Around the same time, he read a column by Irwin Silber in The Guardian, a left-wing newspaper in New York (now closed) about an article on 5 April 1972 by the Australian philosopher Peter Singer in The New York Review of Books. Singer's article was a review of Animals, Men and Morals (1971) by three Oxford philosophers, John Harris and Roslind and Stanley Godlovitch. Singer declared the book a manifesto for "animal liberation," thereby coining the phrase.
Spira got hold of Singer's article and felt inspired: "Singer described a universe of more than 4 billion animals being killed each year in the USA alone. Their suffering is intense, widespread, expanding, systematic and socially sanctioned. And the victims are unable to organize in defence of their own interests. I felt that animal liberation was the logical extension of what my life was all about – identifying with the powerless and the vulnerable, the victims, dominated and oppressed."
In 1974, he founded Animal Rights International (ARI) in an effort to put pressure on companies that used animals. He is credited with the idea of "reintegrative shaming", which involves encouraging opponents to change by working with them – often privately – rather than by vilifying them in public. Sociologist Lyle Munro writes that Spira went to great lengths to avoid using publicity to shame companies, using it only as a last resort.
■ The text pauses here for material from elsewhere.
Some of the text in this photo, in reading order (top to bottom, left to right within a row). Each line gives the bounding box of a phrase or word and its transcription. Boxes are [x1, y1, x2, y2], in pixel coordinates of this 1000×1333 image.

In 1976, he led the ARI's campaign against vivisection on cats that the American Museum of Natural History had been conducting for 20 years, intended to research the impact of certain types of mutilation on the sex lives of cats. The museum halted the research in 1977, and Spira's campaign was hailed as the first ever to succeed in stopping animal experiments.
Another well-known campaign targeted cosmetics giant Revlon's use of the Draize test, which involves dripping substances into animals' eyes, usually rabbits, to determine whether they are toxic. On 15 April 1980, Spira and the ARI took out a full-page ad in the New York Times, with the header, How many rabbits does Revlon blind for beauty's sake? Within a year, Revlon had donated $750,000 to a fund to investigate alternatives to animal testing, followed by substantial donations from Avon, Bristol Meyers, Estée Lauder, Max Factor, Chanel, and Mary Kay Cosmetics, donations that led to the creation of the Center for Alternatives to Animal Testing.
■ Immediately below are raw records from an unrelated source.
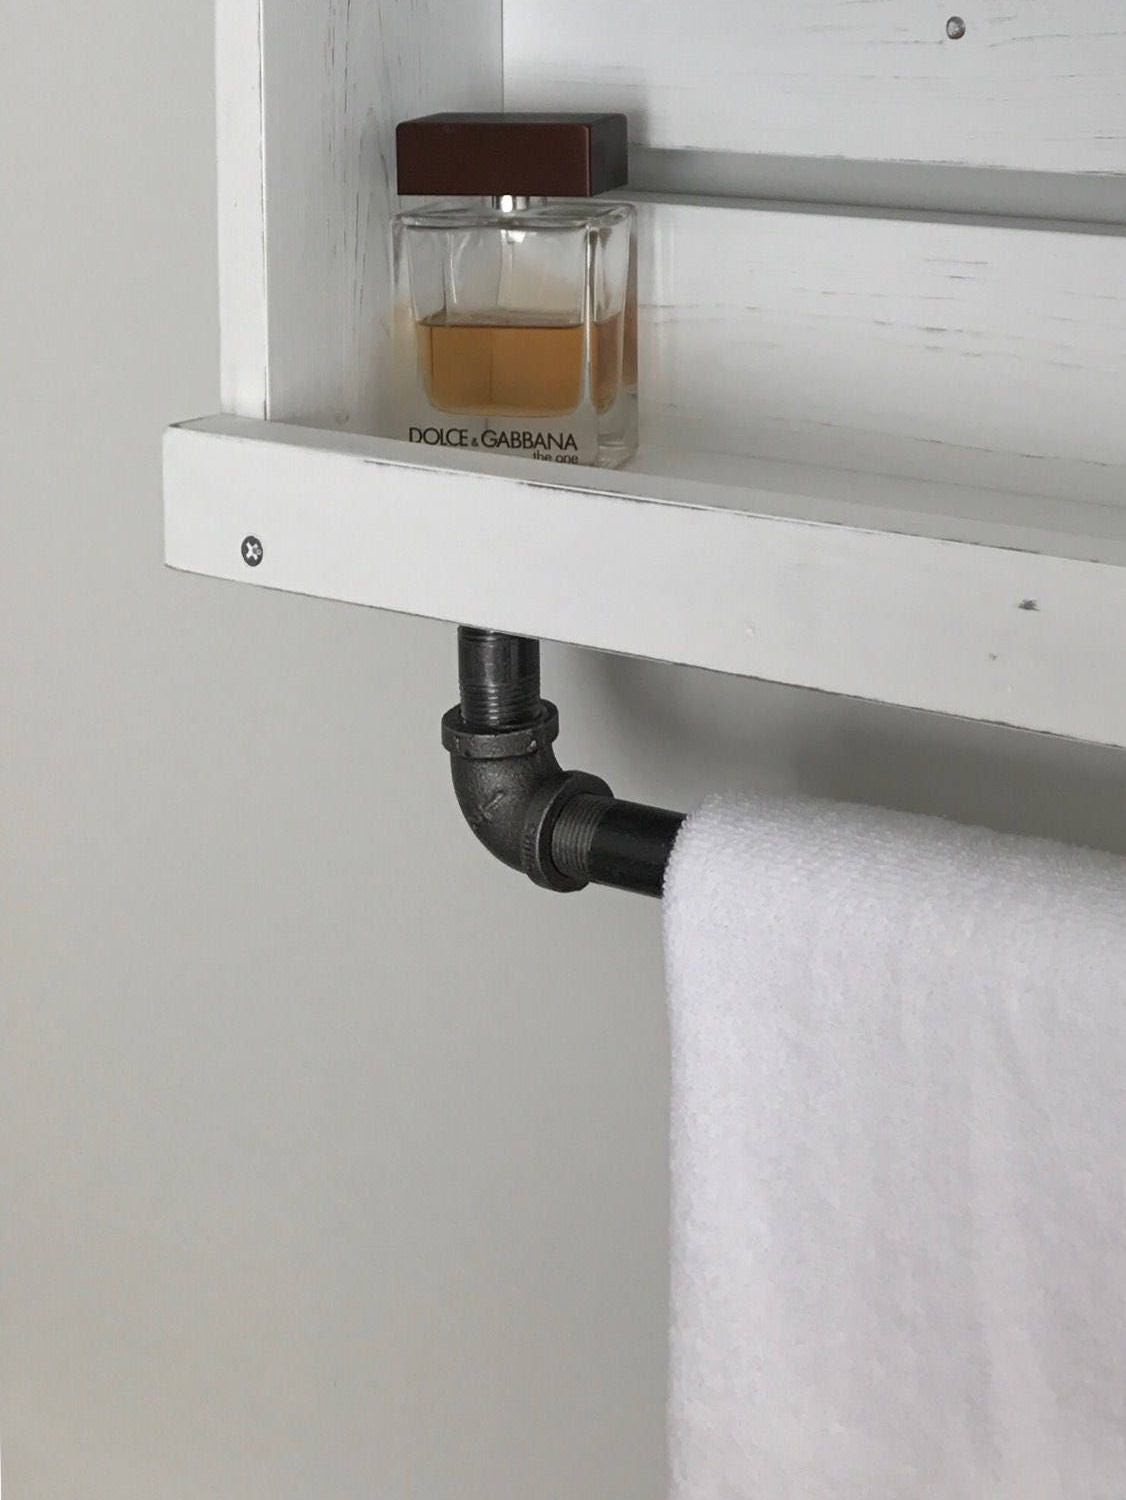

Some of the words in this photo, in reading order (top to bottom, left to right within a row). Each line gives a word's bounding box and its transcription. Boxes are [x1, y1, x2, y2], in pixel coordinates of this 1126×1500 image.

[408, 427, 468, 447] DOLCE
[471, 437, 479, 447] &
[481, 429, 578, 451] GABBANA
[533, 450, 554, 462] the
[555, 454, 579, 465] one
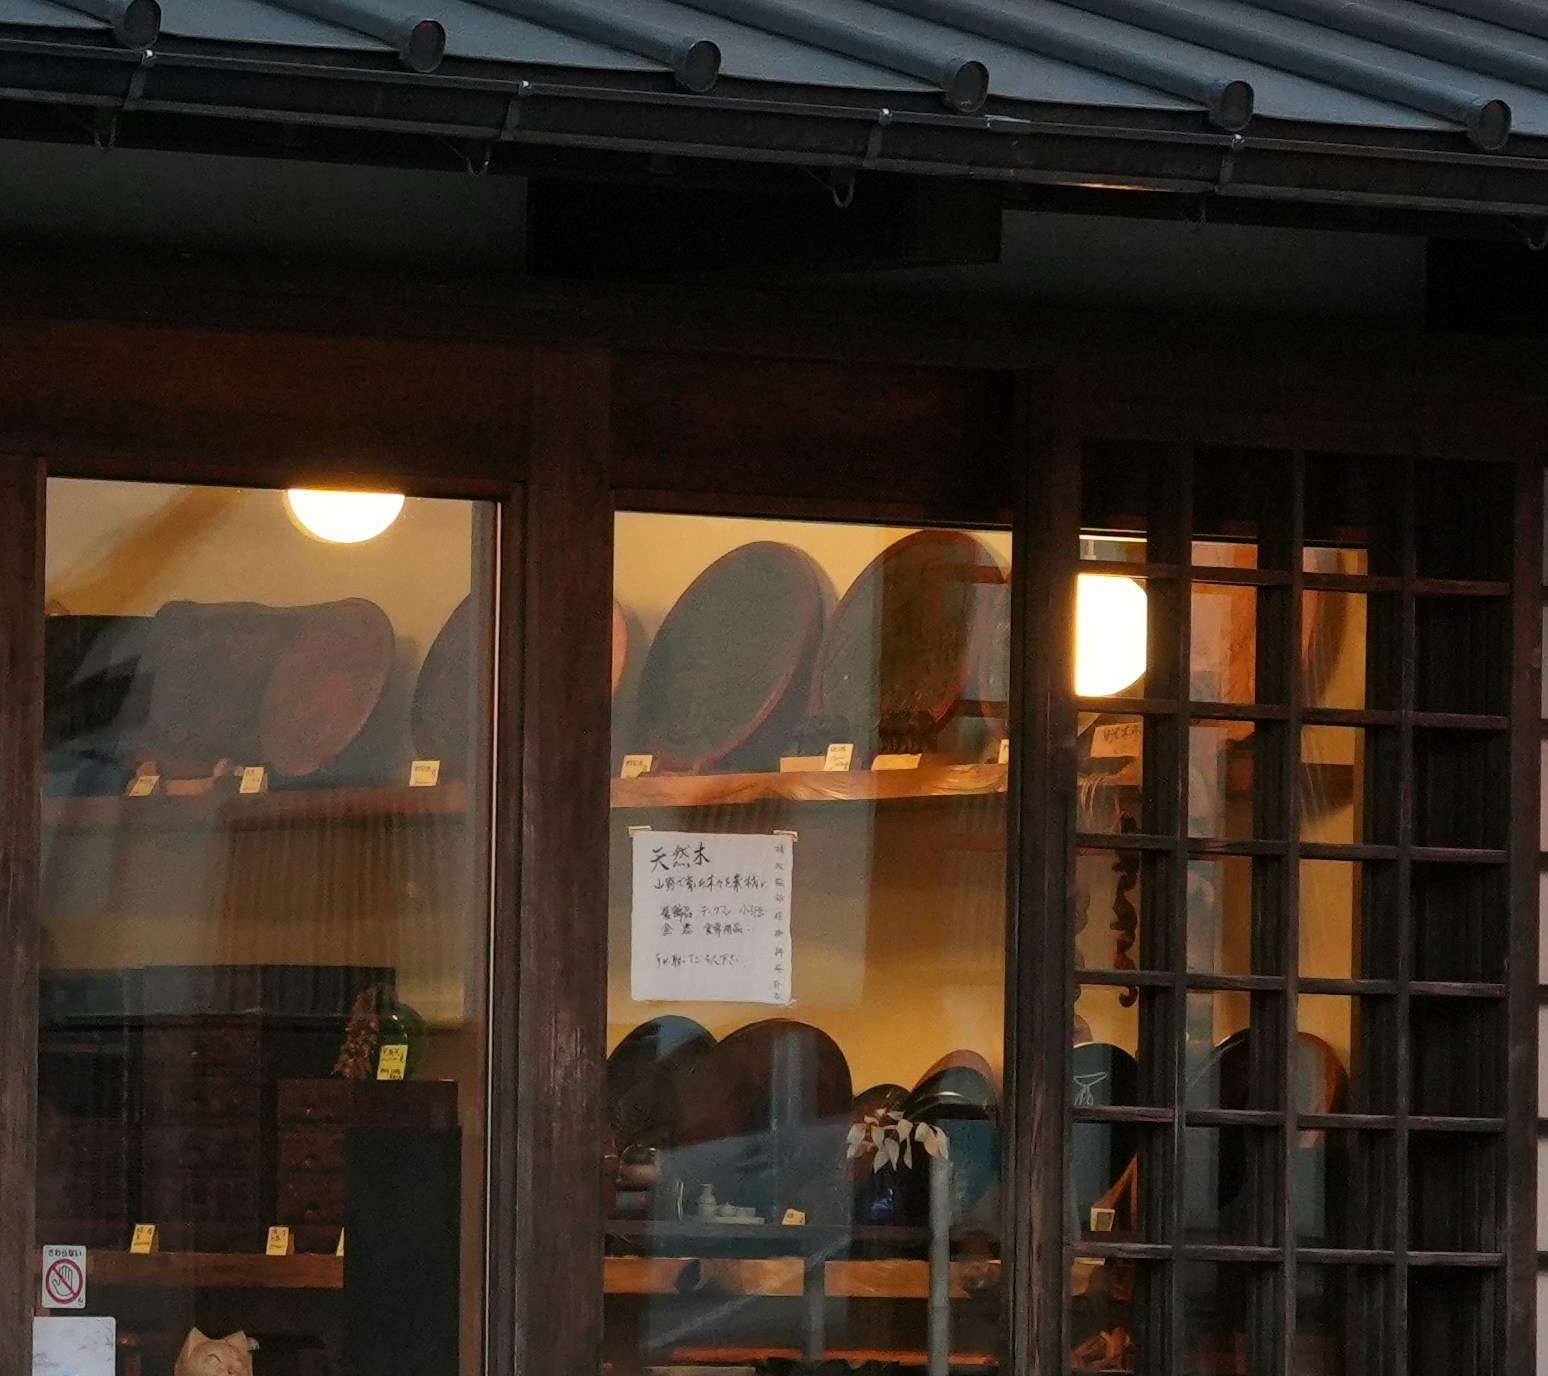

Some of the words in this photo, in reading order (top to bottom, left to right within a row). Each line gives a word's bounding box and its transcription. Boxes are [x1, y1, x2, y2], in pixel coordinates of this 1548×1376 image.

Other campaigns targeted the face branding of cattle, the poultry industry, and fast food giant KFC, with an ad that combined a KFC bucket and a toilet. Spira took a photograph of a primate who had been imprisoned for months in a Bethesda Naval Hospital chair to the Black Star Wire Service, which sent the picture around the world. It was shown to Indira Gandhi, India's PM, who cancelled monkey exports to the United States, because the photograph suggested the U.S. Navy was violating a treaty with India that forbade military research on animals.
Nevertheless, Spira was an advocate of gradual change, negotiating with McDonald's, for example, for better conditions in the slaughterhouses of its suppliers. He proved especially adept at leveraging the power of the larger animal welfare organizations, such as the Humane Society of the United States, to advance his campaigns.
Spira died of esophageal cancer in 1998.